━━━━━ Extracted records ━━━━━
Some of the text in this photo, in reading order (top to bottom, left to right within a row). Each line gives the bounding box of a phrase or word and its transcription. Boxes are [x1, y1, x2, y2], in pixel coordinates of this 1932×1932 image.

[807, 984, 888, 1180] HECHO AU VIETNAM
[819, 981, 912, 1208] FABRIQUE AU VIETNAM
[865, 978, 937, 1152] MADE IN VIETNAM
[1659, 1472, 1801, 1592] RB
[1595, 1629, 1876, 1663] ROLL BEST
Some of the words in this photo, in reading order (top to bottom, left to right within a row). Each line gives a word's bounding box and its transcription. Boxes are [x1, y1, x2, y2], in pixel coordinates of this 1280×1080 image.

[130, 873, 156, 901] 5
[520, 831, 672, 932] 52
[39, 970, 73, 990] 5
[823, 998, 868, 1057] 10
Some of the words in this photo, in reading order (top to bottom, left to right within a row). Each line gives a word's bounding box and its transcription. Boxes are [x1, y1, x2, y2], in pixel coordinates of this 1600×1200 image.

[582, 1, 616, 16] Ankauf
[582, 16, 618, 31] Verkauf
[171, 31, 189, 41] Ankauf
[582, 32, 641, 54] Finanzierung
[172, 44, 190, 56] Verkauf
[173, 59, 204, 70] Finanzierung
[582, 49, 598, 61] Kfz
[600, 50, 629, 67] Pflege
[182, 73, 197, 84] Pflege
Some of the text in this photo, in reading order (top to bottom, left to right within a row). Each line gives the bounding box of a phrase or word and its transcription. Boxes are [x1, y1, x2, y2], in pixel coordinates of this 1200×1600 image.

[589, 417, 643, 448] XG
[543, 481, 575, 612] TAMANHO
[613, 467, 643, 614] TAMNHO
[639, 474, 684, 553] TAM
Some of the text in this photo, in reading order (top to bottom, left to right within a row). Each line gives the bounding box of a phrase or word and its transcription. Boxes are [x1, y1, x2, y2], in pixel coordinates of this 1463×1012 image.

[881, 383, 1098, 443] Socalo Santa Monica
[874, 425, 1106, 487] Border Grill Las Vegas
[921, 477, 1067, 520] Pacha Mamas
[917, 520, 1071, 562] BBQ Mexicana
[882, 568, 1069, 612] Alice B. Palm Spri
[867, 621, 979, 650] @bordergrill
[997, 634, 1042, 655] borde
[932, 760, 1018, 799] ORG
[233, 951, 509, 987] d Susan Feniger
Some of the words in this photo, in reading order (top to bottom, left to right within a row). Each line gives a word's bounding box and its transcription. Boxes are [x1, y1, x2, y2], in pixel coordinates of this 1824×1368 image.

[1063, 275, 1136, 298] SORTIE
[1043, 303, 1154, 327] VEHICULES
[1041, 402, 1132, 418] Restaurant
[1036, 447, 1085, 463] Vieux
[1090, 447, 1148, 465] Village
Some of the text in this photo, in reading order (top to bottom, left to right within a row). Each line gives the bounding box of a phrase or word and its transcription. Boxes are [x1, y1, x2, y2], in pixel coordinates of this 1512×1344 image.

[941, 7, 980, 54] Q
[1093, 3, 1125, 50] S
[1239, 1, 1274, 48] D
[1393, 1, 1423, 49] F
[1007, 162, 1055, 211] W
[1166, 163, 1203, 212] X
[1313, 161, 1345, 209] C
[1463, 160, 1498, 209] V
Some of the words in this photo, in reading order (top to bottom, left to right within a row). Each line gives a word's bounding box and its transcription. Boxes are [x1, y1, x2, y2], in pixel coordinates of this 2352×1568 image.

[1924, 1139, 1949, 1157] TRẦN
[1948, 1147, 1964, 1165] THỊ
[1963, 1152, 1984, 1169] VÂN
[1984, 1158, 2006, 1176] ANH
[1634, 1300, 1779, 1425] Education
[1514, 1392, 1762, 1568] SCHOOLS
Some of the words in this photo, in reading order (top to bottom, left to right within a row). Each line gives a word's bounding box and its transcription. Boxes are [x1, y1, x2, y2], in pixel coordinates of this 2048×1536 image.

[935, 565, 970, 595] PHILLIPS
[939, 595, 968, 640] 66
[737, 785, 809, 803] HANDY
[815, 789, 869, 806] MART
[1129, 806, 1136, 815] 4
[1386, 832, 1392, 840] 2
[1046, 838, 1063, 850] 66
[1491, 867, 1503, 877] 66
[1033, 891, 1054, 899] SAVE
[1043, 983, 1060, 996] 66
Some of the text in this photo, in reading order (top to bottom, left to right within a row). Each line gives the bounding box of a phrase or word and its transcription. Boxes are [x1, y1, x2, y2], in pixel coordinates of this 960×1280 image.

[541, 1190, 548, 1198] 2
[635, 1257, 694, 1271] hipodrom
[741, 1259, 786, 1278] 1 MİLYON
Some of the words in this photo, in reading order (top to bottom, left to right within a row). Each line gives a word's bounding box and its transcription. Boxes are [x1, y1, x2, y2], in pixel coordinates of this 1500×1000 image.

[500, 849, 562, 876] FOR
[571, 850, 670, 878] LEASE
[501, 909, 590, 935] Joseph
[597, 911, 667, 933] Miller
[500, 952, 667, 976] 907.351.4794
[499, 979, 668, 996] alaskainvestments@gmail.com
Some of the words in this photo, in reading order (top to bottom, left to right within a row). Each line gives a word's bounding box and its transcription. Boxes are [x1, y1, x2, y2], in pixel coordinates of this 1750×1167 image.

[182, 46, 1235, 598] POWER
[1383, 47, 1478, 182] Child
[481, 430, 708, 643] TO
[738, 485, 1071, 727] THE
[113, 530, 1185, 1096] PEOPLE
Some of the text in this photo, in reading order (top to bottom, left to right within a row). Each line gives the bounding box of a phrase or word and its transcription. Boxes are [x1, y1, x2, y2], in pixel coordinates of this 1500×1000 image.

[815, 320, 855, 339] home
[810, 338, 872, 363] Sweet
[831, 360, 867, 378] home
━━━━━
**Work to be completed**
The answer consists of the line holding "this 1750×1167 image." and every line after it up to the end of the records, word for word.

**Reply to the task**
Some of the words in this photo, in reading order (top to bottom, left to right within a row). Each line gives a word's bounding box and its transcription. Boxes are [x1, y1, x2, y2], in pixel coordinates of this 1750×1167 image.

[182, 46, 1235, 598] POWER
[1383, 47, 1478, 182] Child
[481, 430, 708, 643] TO
[738, 485, 1071, 727] THE
[113, 530, 1185, 1096] PEOPLE
Some of the text in this photo, in reading order (top to bottom, left to right within a row). Each line gives the bounding box of a phrase or word and its transcription. Boxes are [x1, y1, x2, y2], in pixel coordinates of this 1500×1000 image.

[815, 320, 855, 339] home
[810, 338, 872, 363] Sweet
[831, 360, 867, 378] home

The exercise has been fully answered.